Geçen Pazar Emirgan'da


 Yeni evlendiğimiz zamanlardı. Tuğrul'la sık sık oraya buraya kahvaltıya giderdik. Haftasonu ise hele de pazar günü ise Emirgan Sütiş'in önünden geçerken ya da hemen yakınındaki bir başka yere giderken ( ahh eskiden çınaraltı vardı!) manzaraya inanamayarak bakar, bu insanlar akıllarını kaçırmış olmalı derdik. İstisnasız her mevsim kapıda bir uzun kuyruk. İşte geçen pazar o uzun kuyrukta kendimizi bulduk muuu? Şimal'in deyişiyle, "Eveeek, bulduuk":)) Demek ki büyük konuşmamak lazım mıymıış? "Eveeek lazımmış":)) Yandaki fotoğrafta baba kız sıradalar. Tuğrul'un yüzündeki sıkıntılı ifade ve Şimalciğin direkt uyku pozisyonuna geçmiş olması ( elde uyku ayısı , başparmak ağızda) o yüzden. Fakat bir kere yerimize oturunca da çok hoşumuza gitti desem:) Yüksek tavanlarından mıdır nedir o boş masası olmayan mekan bir ferah bir ferah..Servis desen tıkır tıkır. Kahvaltı desen harika..Biz sade bir kahvaltı aldık. 2 çeşit peynir, zeytin, bal-kaymak, domates-salatalık ve 2 tane rafadan yumurta. Harika börek çeşitleri, menemenleri, sahanda yumurtaları falan var.
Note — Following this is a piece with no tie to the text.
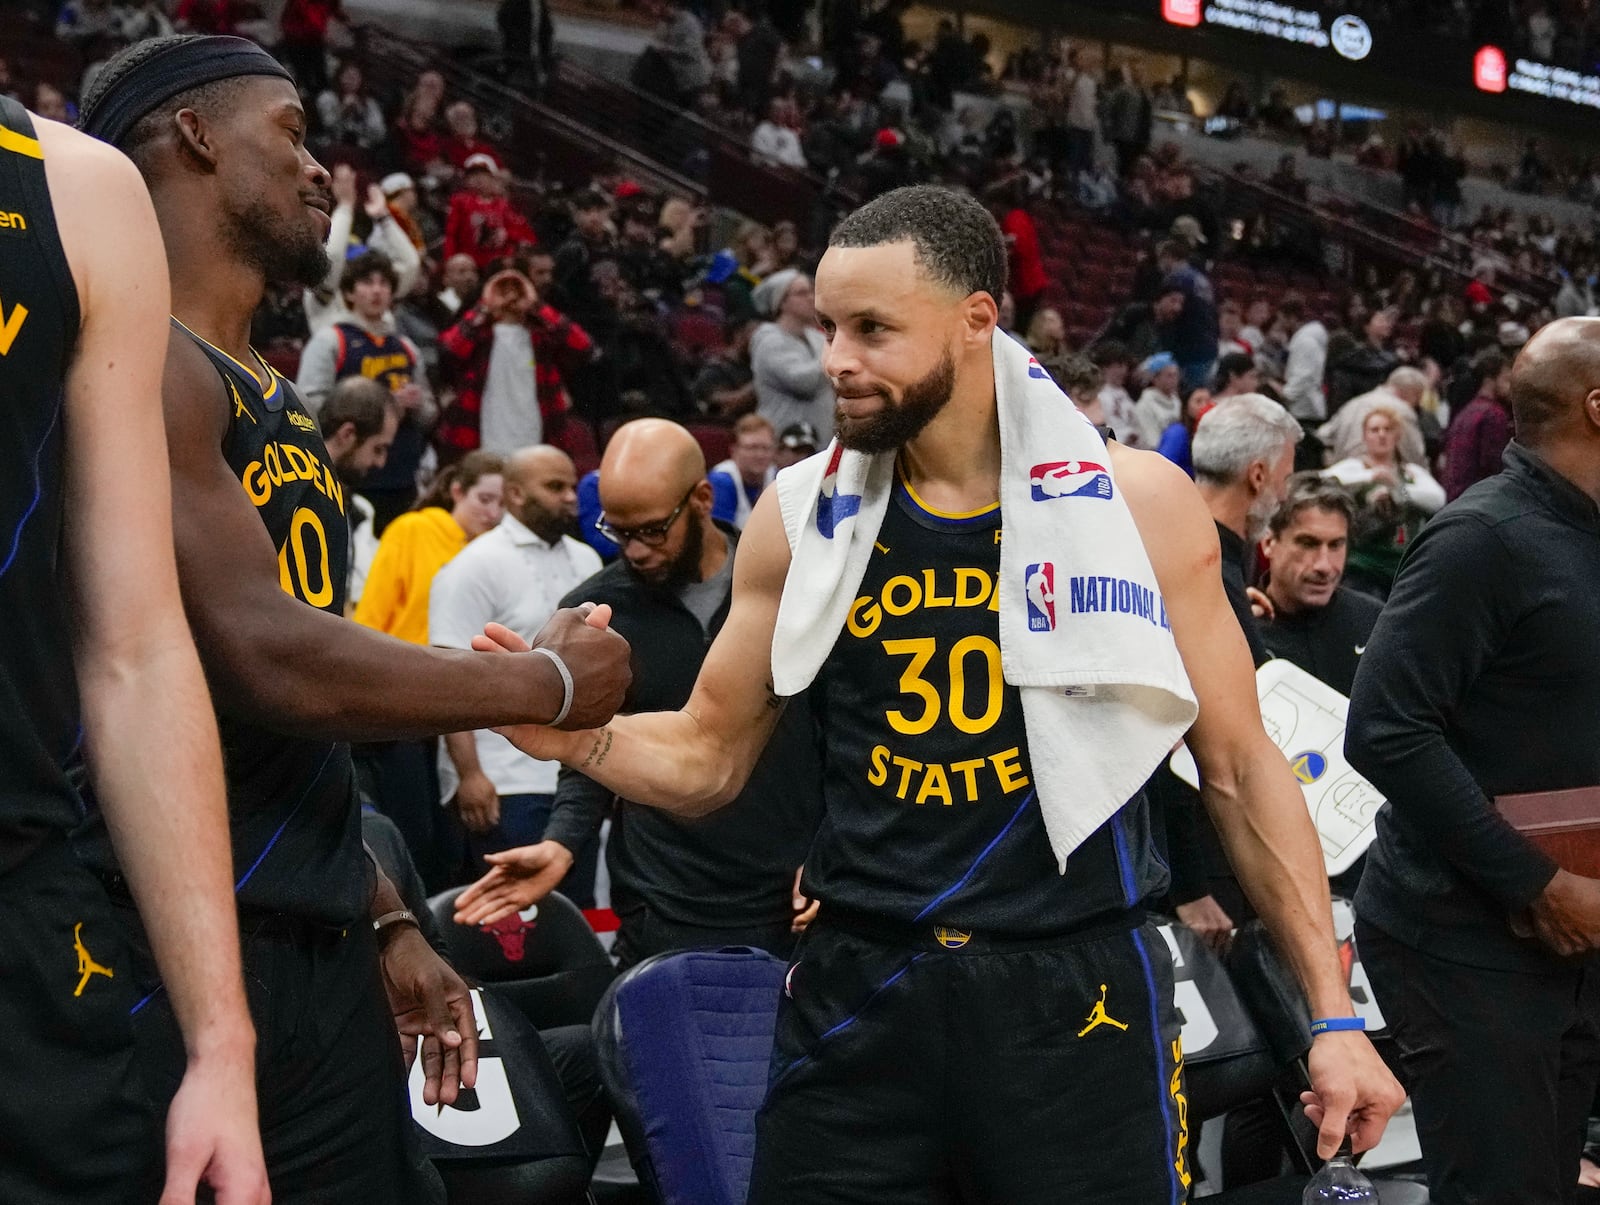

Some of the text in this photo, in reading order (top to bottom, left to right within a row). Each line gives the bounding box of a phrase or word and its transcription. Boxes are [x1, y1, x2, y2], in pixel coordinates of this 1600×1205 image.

Bu sade kahvaltıya öyle bir girişip, öyle silip süpürmüşüz ki fotoğraf bile çekememişim. Sadece kahvaltıdan önce masaya gelen ekmek sepetinin fotoğrafı var:)  
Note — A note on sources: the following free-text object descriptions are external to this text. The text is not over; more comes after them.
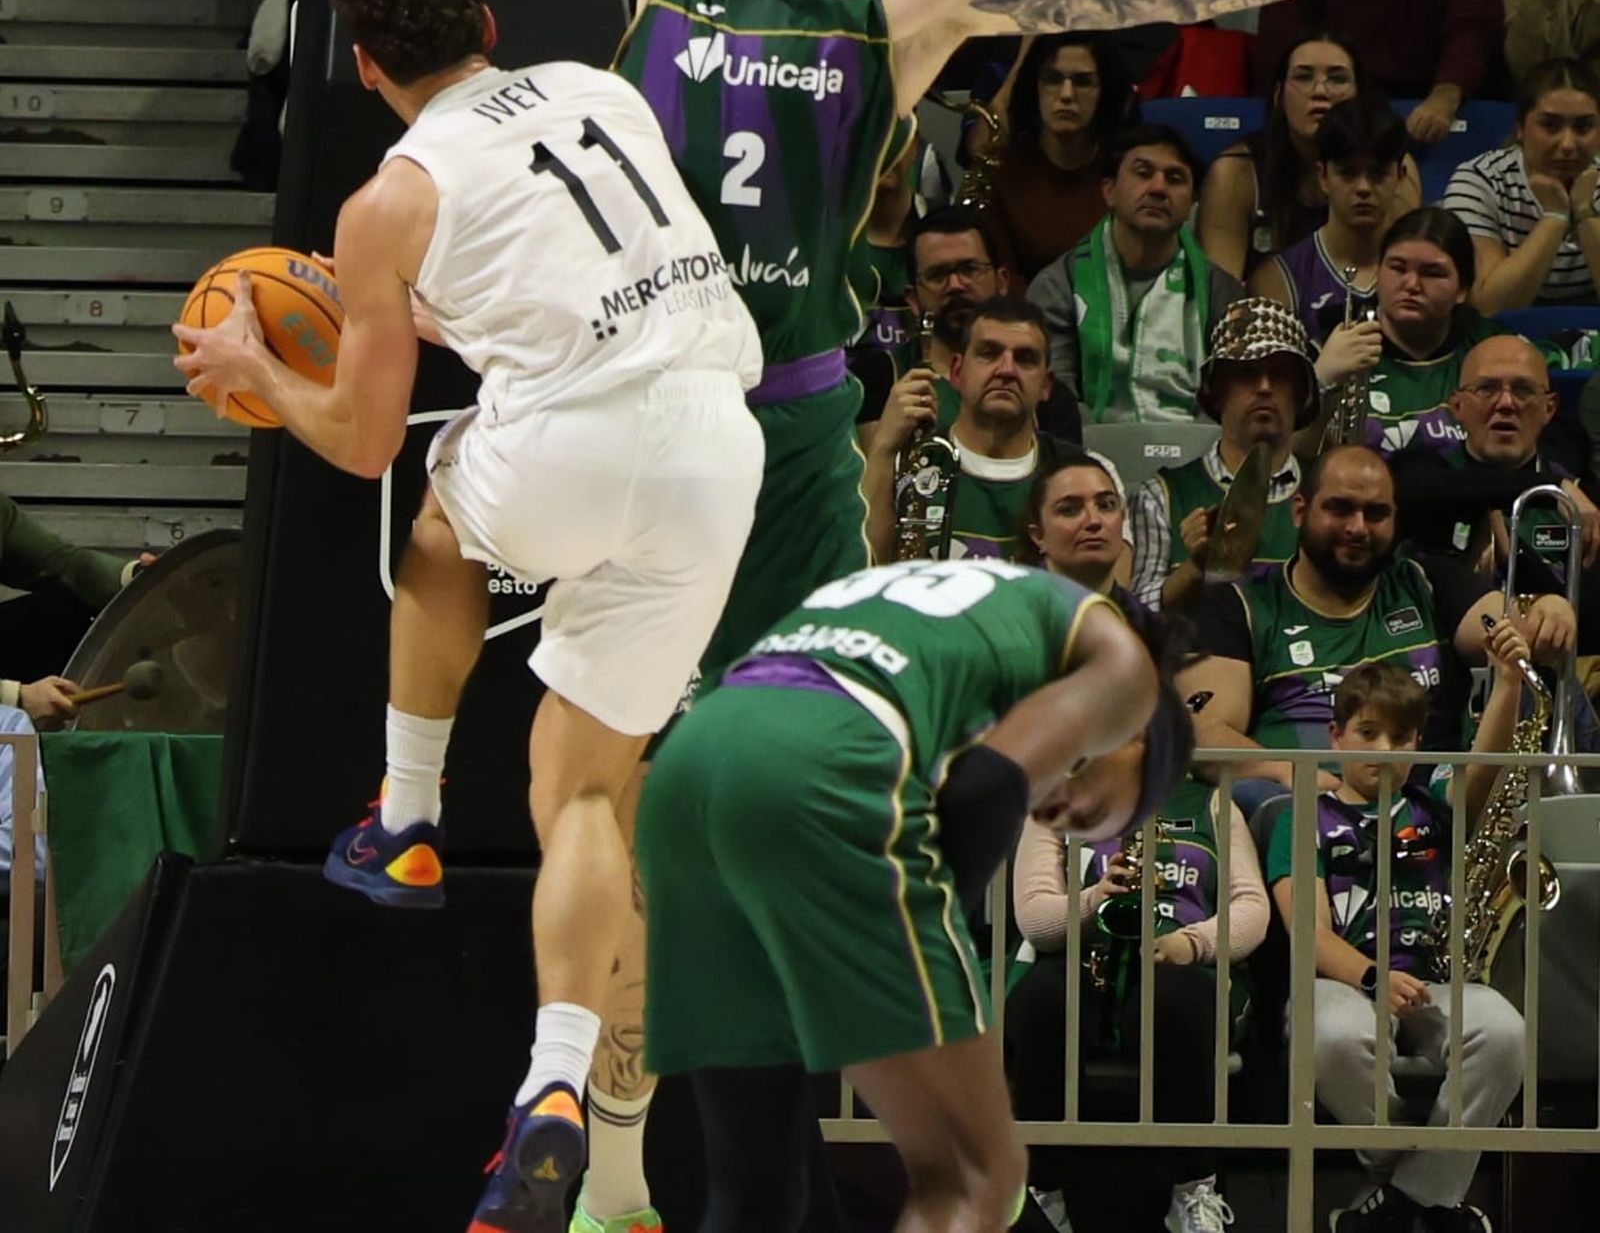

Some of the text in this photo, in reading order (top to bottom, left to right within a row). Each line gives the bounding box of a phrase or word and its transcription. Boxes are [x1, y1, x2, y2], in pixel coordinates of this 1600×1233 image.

[722, 52, 844, 101] Unicaja
[11, 95, 42, 112] 10
[473, 77, 549, 124] IVEY
[528, 116, 671, 255] 11
[720, 131, 766, 207] 2
[49, 196, 64, 214] 9
[600, 251, 729, 320] MERCATOR
[727, 243, 810, 287] alucía
[89, 300, 102, 317] 8
[125, 409, 139, 426] 7
[170, 523, 184, 540] 6
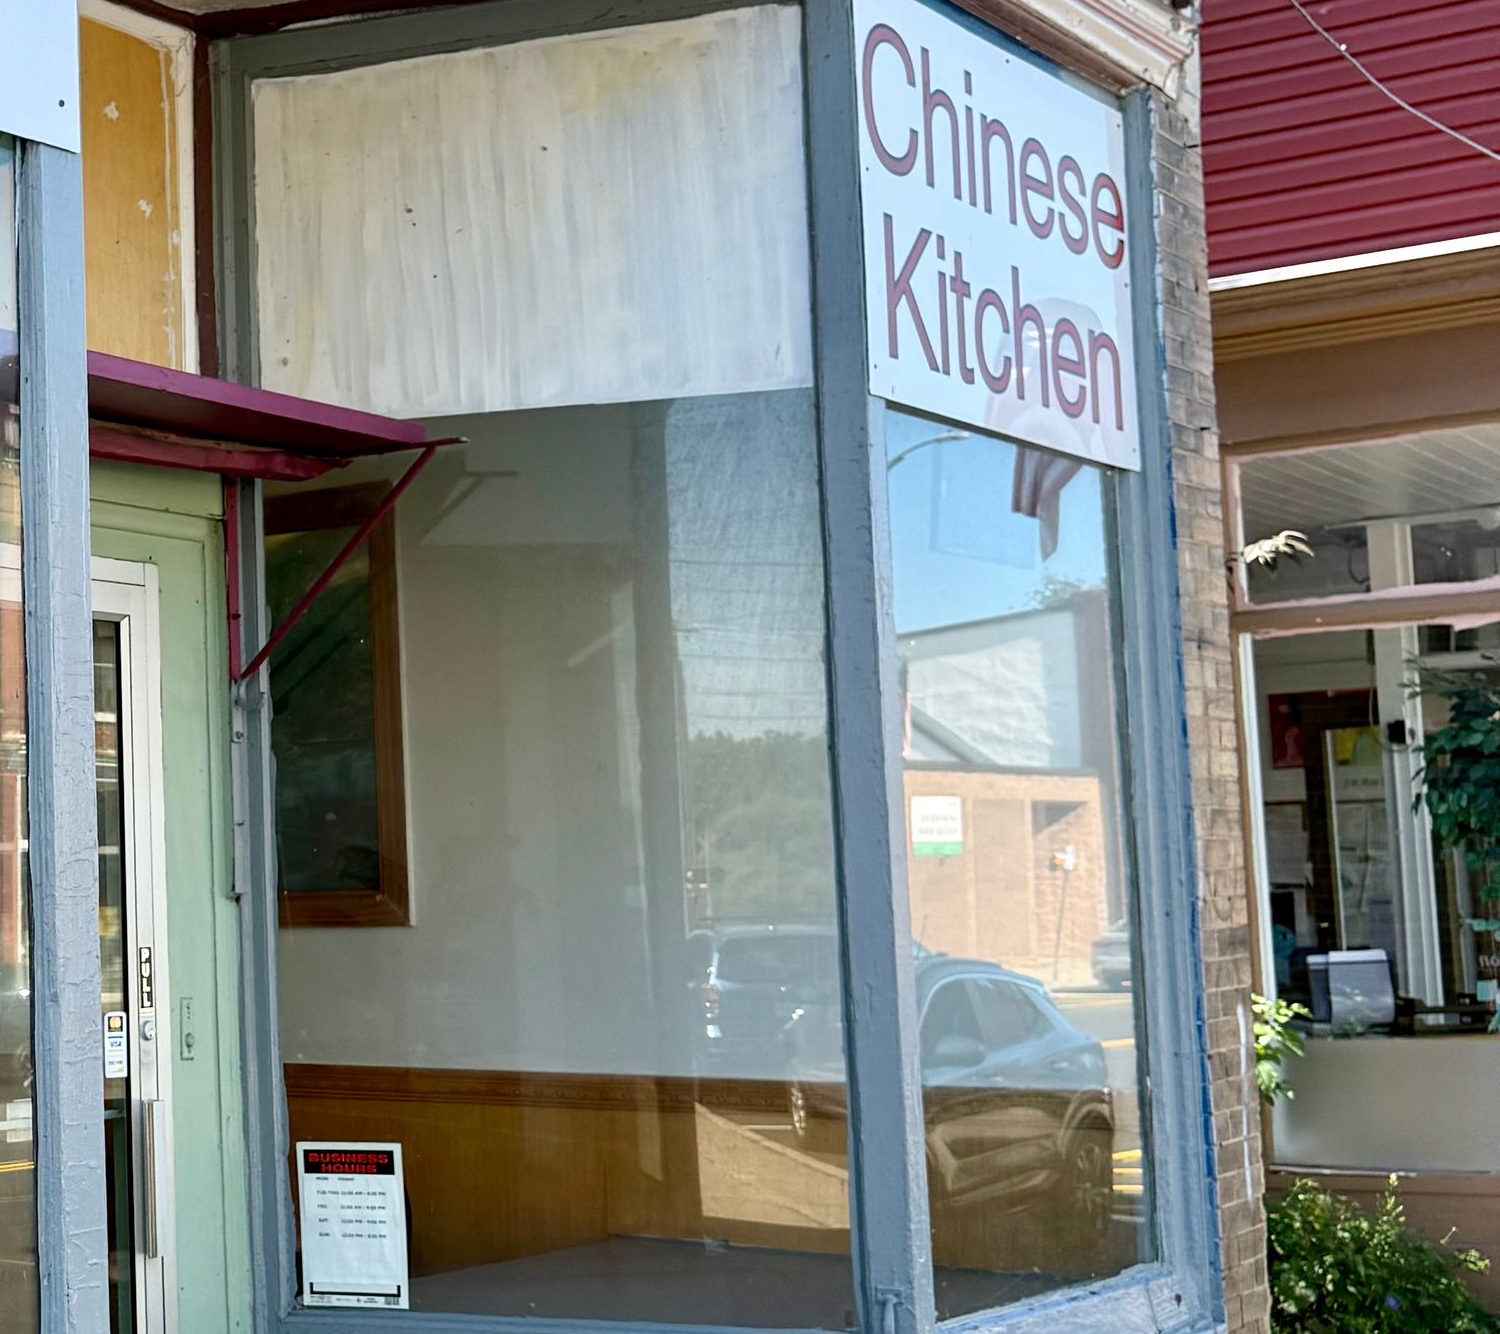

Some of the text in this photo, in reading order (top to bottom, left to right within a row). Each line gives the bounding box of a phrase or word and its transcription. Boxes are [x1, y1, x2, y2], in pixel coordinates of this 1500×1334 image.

[861, 22, 1125, 269] Chinese
[882, 211, 1125, 432] Kitchen
[140, 947, 151, 1008] PULL
[308, 1152, 389, 1164] BUSINESS
[321, 1163, 377, 1173] HOURS
Emirgan'a sabah körü gitmemizdeki esas maksat Sabancı Müzesi'ndeki Monet Sergisi'ni gezmekti. Sütiş'e en kısa zamanda yeniden gelmeye karar verip doğruca müzeye geçtik. Soğuk ama çok güzel bir havada , yeni yağmış yağmur sonrası yürüyerek çıktık yukarıya.












Monet Sergisinin olduğu alanda fotoğraf çekimine izin yoktu. Ama hemen alt katında Türk Ressamlarının sergisini gezerken flaşsız fotoğraf çekebileceğimizi öğrendik. Harika yakaladım Şimal'i:) Bir ara Tuğrulla salonun ortasında geniş puflara oturup Şimal'in resimleri inceleyişini izledik.
O resimlerin karşısında, biz onun karşısında büyülendik:)

                          Aşağıdaki fotoğrafta Şimal duvarın önünde. Durdu....Resimlere baktı....  


Sonra birden dilimlenmiş portakalların olduğu resmi gördü:)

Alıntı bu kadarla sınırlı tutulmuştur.